Generative AI Co-Pilots Help Banks Beat Back $4 Trillion in Financial Crime

Today’s online world offers more vulnerabilities to exploit, and criminals have taken notice.

“The total value of money laundering globally per annum is about $4 trillion,” Mike Foster, president and CEO of SymphonyAI NetReveal, told PYMNTS CEO Karen Webster.

“That’s about 4% of global GDP,” he emphasized.

And it’s not mom-and-pop bad actors responsible for the bulk of the illegal activity.

Foster explained that “the business of money laundering is equally huge… a significant amount of money is being laundered by highly organized, vast organizations that look in many instances like everyday corporate companies — only they are unencumbered by budgets and governors.”

While digitization has provided firms and institutions better and more agile ways to defend and protect themselves, new tools like generative artificial intelligence (AI) have also inadvertently opened a Pandora’s box of modern and attractive tactics for cybercriminals operating at any scale.

That’s because cybercriminals tend to be sophisticated and seek out new ways to defraud their targets, whether individuals or businesses.

“All of the things that [organizations] are trying to mobilize and solve for, the [bad actors] are doing the same thing but the opposite,” Foster said. “They’re scaling up their organized crime groups, they’re scaling up their tech and the way in which they invent new tactics for fraud and laundering their gains at an increasingly aggressive rate.”

See also: Online Scam Complexity Is Paradoxically Keeping Banks’ Fraud Controls Offline

Tapping Into AI’s Ability to Disrupt Illegal Activities

Within this fast-moving landscape full of pitfalls, organizations that continue to rely upon manual and reactive anti-fraud tools experience slower growth than those using proactive and automated solutions, according to data in the 2023 PYMNTS playbook “Digital Payments Technology: Investing in Payments Systems for the Digital Economy.”

“AI is not a new thing, but the readiness to adopt it has probably been hindered by some fear of the unknown,” Foster said.

PYMNTS data supports Foster’s theory. Four in 10 executives were concerned about the potential complexity involved in the day-to-day use of new technologies to fight fraud, and the same 40% also cited a presumed integration complexity of marrying new fraud prevention controls with existing systems as a factor holding them back.

Still, leveraging AI to fight fraud is one of the best options available to organizations. In today’s environment, “you’re not just trying to find the needle in a haystack; you’re trying to find a needle in a stack of a billion needles that all look the same,” Foster explained.

“In essence, it is getting to the point where there just aren’t enough people with the right skills,” he added. “A human can only do so many things over an eight- or 10-hour shift.”

He said AI is “exposing more” as it optimizes the way in which potentially illicit activity is found, prioritized and managed.

“And if you have to do more with more,” Foster said, AI is your best bet — particularly as transactions increasingly become digital.

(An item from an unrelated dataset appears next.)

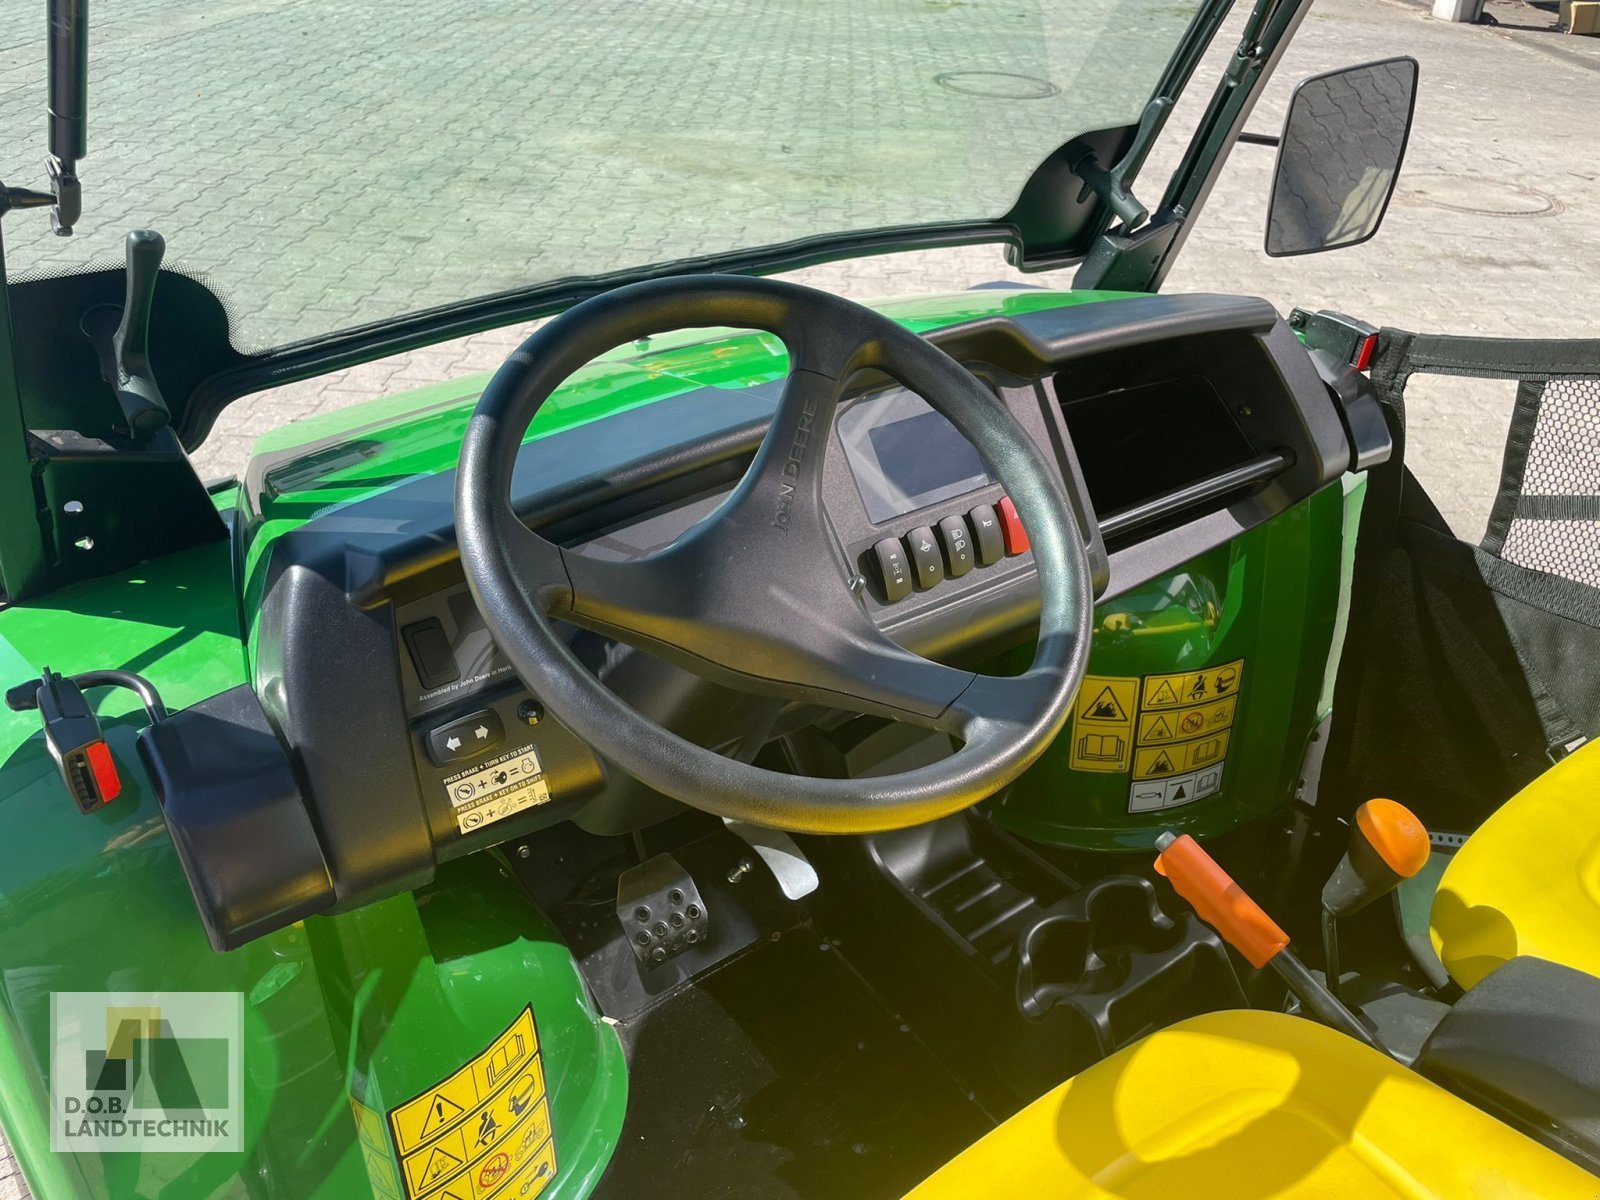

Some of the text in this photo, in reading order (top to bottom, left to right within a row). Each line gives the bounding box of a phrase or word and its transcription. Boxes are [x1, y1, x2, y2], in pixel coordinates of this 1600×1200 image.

Enhancing, Not Replacing, Human Oversight

AI can empower firms to build case files in real time, and future-fit generative tools can take historical predictive capabilities to the next level by understanding through large data sets what investigators are looking for.

Yet while the human element might be the biggest vulnerability a properly protected enterprise has, anti-fraud tools “ultimately rely on a human being,” said Foster.

What AI does, he explained, is “dispense with the rubbish” at the top of a fraud alert funnel, helping change the shape “from a funnel to a nail head, accelerating the workflow of what [businesses] should be interested in.”

Human judgment plays a very important part, Foster said, emphasizing that “the value of AI isn’t to reduce the number of people in your organization.”

Still, when applying generative AI capabilities to the world of financial crime fighting, there exists a bevy of exciting future possibilities.

“Once a particular fraud is disrupted, it is no longer economically viable, so [bad actors] take on a new engagement model,” Foster explained.

He said he sees great potential in leveraging generative AI to help predict just what those future engagement models might look like and to help organizations defend themselves pre-emptively against them.

“Generative AI is excellent at creating synthetic data of a great quality, which can let [firms] build a deep, rich picture,” he said. “And when you have people with really great [anti-fraud] skillsets and experience, they can train the models to predict in advance what the next thing might be, so you can be ahead of it. The whole spatial, temporal piece as it relates to the profile of the crime group is really important.”